First pill for dengue shows promise in human challenge trial
The positive early data supports ongoing Phase II trials of the pill to prevent the four different types of dengue in a real world-setting.
“It is the first ever to show antiviral activity against dengue,” Marnix Van Loock, who oversees emerging pathogens research for J&J’s Janssen division, said of the drug.
In human challenge trials, researchers intentionally expose healthy volunteers to a pathogen to test a vaccine or treatment, or better understand the disease they cause.

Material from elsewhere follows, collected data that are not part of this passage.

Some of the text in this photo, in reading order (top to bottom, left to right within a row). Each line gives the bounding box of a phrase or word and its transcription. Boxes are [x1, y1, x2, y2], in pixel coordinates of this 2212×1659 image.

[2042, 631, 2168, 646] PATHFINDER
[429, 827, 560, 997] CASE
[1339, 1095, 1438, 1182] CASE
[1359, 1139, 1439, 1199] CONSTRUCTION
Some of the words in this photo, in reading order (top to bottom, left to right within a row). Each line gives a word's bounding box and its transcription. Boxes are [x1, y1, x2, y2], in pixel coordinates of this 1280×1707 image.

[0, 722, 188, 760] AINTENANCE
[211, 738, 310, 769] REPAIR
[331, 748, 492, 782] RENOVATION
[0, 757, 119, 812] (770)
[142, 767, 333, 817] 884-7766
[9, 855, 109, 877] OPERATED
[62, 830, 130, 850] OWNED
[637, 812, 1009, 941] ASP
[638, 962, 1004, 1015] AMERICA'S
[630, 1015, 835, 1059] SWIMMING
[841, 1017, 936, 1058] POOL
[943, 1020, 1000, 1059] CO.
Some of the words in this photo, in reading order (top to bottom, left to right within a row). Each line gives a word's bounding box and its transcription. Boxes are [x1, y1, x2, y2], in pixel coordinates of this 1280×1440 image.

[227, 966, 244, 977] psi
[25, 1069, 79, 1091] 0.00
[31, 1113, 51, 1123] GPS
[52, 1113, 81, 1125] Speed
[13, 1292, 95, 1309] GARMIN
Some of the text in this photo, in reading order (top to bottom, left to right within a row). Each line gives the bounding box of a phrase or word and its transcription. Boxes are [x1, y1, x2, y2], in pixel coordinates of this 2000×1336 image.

Dengue fever, while often asymptomatic, is also known as “break bone fever” for the severity of the joint pain and spasms that some patients experience. It has long been a scourge across much of Asia and Latin America, causing millions of infections each year and tens of thousands of deaths, and is likely to spread further as climate change makes more areas hospitable for the mosquitoes that spread it, the World Health Organization’s chief scientist Jeremy Farrar said earlier this month.
In the trial done with Johns Hopkins Bloomberg School of Public Health, 10 volunteers were given a high dose of the J&J pill five days before being injected with a type of dengue. They continued to take the pill for 21 days afterwards.
Six of the 10 showed no detectable dengue virus in their blood after being exposed to the pathogen, as well as no signs that their immune system had responded to infection by the virus over 85 days of monitoring.
The five people in a placebo group, who were also injected with dengue, all showed detectable virus when tested. Trial participants received standard care from medical professionals where necessary, and the virus used was a weakened version to minimise symptoms.